In December, 2020, Najah Edmondson made use of Klarna’s buy now, pay later product. Between December 2020 and April 2021, she made several further purchases using the Klarna App, which she had downloaded. On two occasions, when Klarna attempted to automatically deduct the payments from Ms. Edmondson’s account, her account had insufficient funds. Ms. Edmondson’s bank charged her $70 for the overdrafts, and she wanted to sue Klarna on behalf of a similarly-situated purchasers, alleging common-law fraud and violations of Connecticut’s Unfair Trade Practices Act. Klarna moved to compel arbitration, and the District Court rejected that motion, finding that Ms. Edmondson never received reasonable notice and never gave knowing assent to the arbitration agreement.

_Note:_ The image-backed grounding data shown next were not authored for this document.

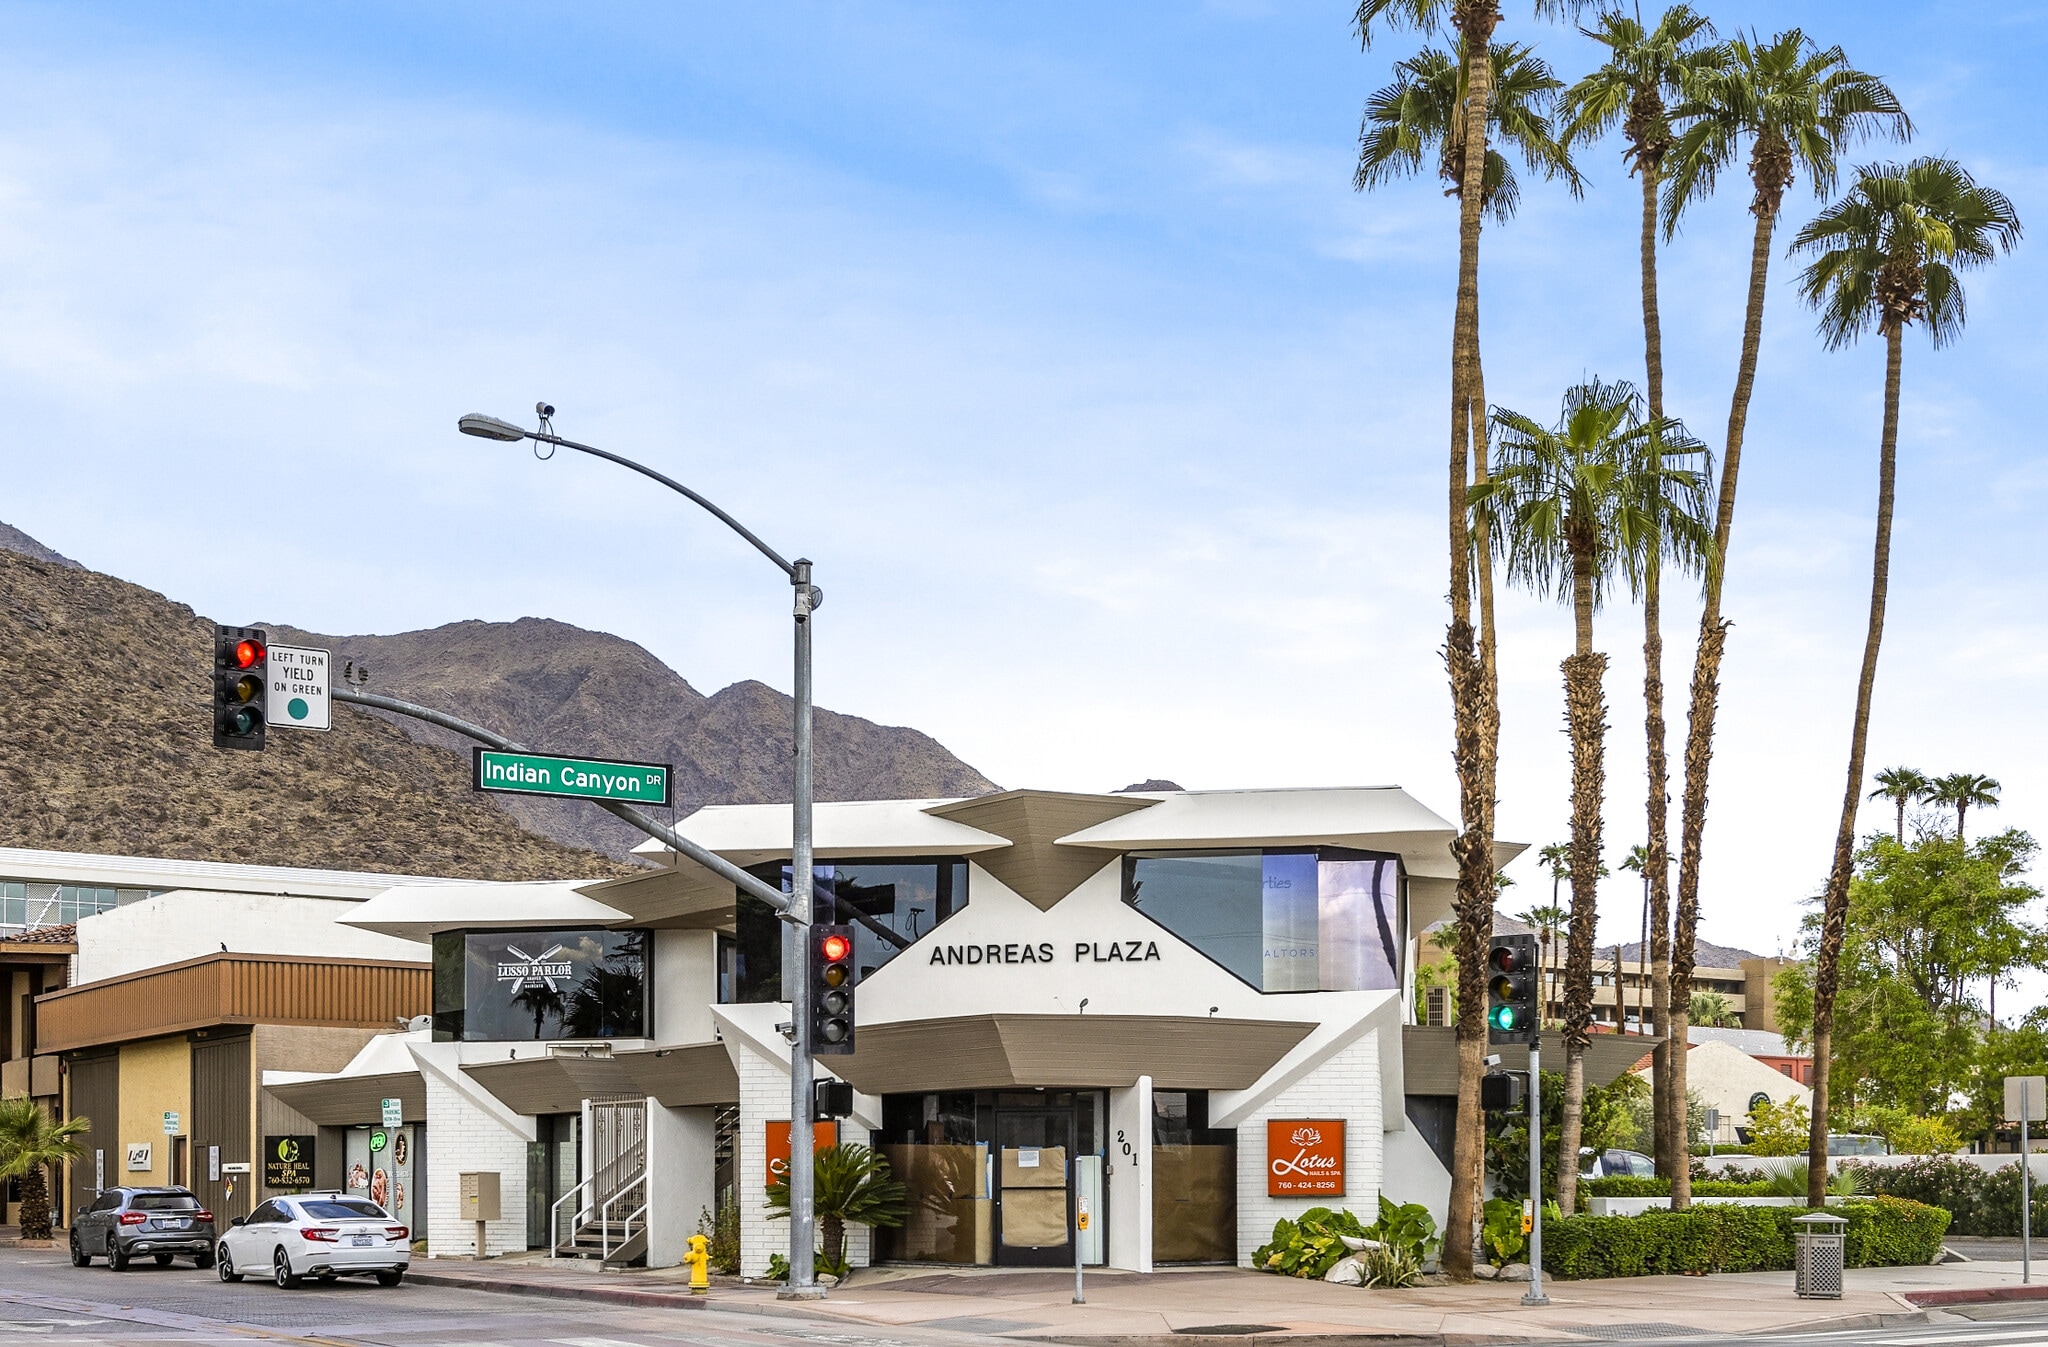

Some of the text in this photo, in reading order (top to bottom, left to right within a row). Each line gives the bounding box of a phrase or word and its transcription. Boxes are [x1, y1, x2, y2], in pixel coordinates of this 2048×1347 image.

[272, 652, 324, 666] LEFT TURN
[283, 666, 314, 681] YIELD
[274, 682, 322, 696] ON GREEN
[486, 759, 662, 794] Indian Canyon DR
[929, 941, 1161, 966] ANDREAS PLAZA
[497, 965, 572, 976] LUSSO PARLOR
[1117, 1129, 1139, 1167] 201
[267, 1162, 310, 1170] NATURE HEAL
[1272, 1148, 1337, 1176] Lotus

In Edmondson v. Klarna, Inc., the Second Circuit reversed. The Second Circuit noted that Ms. Edmondson had multiple opportunities to familiarize herself with Klarna’s terms. The District Court found that Klarna had not provided adequate notice on its Pay-With-Klarna screen because the screen was too cluttered. The District Court found the App’s LogIn screen similarly defective. Although Ms. Edmondson was presented with hyperlinked language stating, “I agree to the payment terms,” the District Court found that “[t]here is nothing anywhere on the screen that would alert a reasonable user to the fact that clicking ‘confirm and continue’ has any contractual significance at all, much less acceptance of a contract that includes an arbitration agreement.” Although the Login screen instructed users to “sign up” or “log in,” the District Court found it insufficiently clear that doing so entailed agreement to terms.

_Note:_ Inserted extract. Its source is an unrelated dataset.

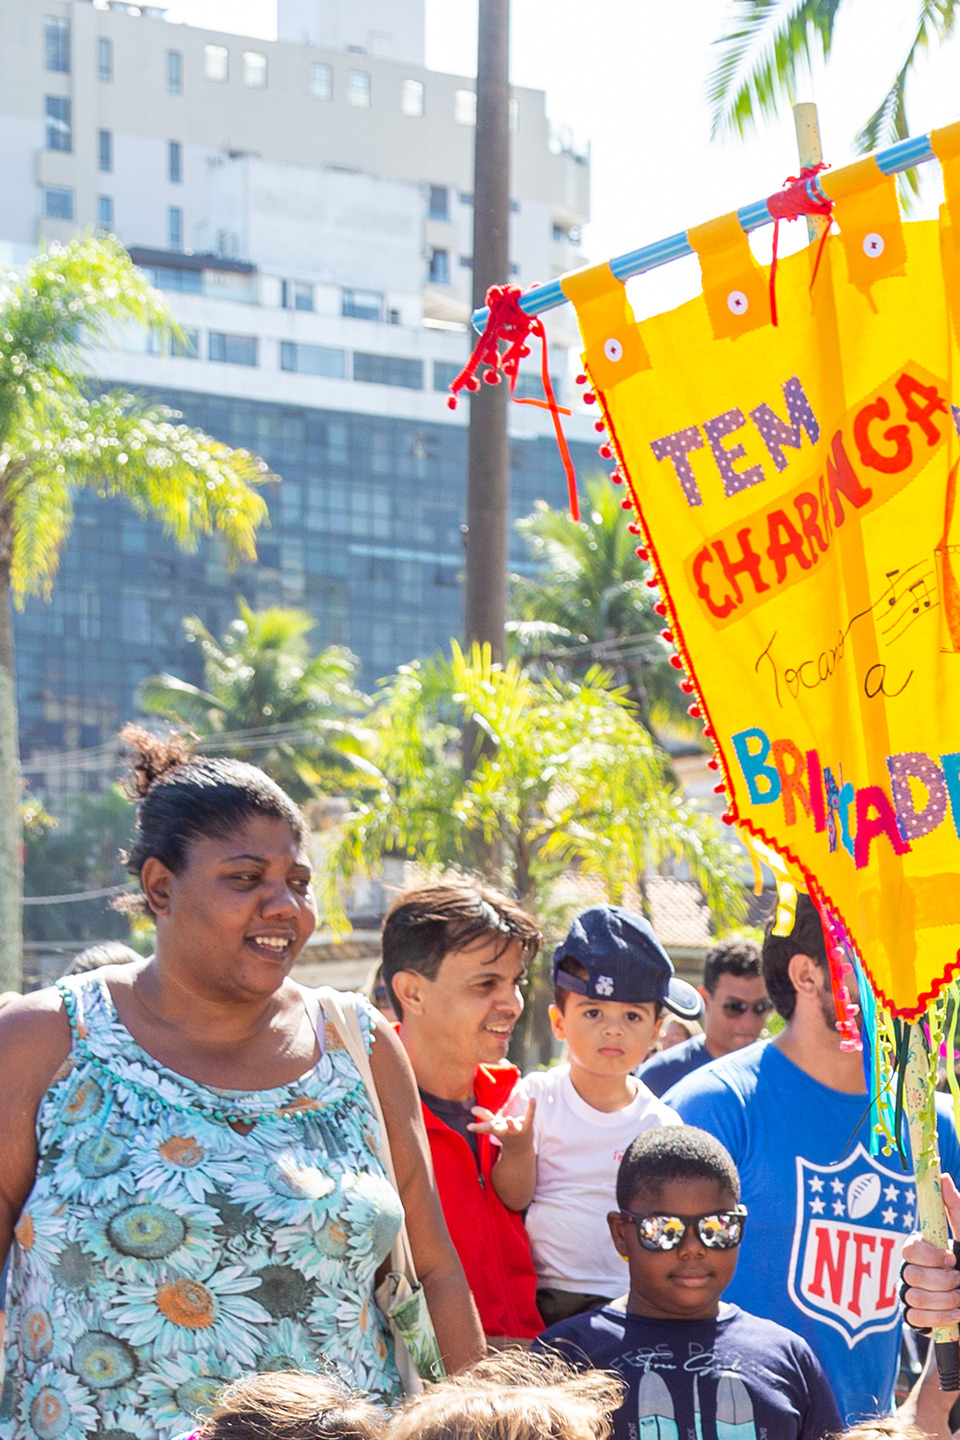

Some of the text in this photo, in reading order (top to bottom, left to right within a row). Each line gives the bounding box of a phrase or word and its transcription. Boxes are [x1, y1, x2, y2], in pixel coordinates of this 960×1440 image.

[649, 375, 820, 507] TEM
[864, 663, 914, 698] a
[807, 1227, 898, 1318] NFL

On appeal, the issue was whether a reasonably prudent web user would have been put on notice of Klarna’s terms. In order for that standard to be met, the terms first must be presented in a clear and conspicuous way. Next, the user must give an unambiguous manifestation of assent, which means that a reasonably prudent user would know that they had agreed to be legally bound by the vendor’s terms.
The test is quite fact specific, and the Second Circuit did undertook several comparison’s of Klarna’s web interface with those that had been found wanting or sufficient in prior cases. In short, the Second Circuit concluded that the Klarna check-out “widget” (left) provided sufficient notice of its terms. As you can see, the screen is relatively uncluttered, and a the court found that a reasonably prudent web browser or App user would have been on notice that the hyperlinked terms were connected to a purchase of Klarna’s products. Edmondson manifested unambiguous consent to Klarna’s terms when she clicked on “Confirm and continue” to finalize her purchase in December 2020.
The Second Circuit thus reversed the District Court’s denial of Klarna’s motion to compel arbitration and remanded the case with instruction to grant that motion.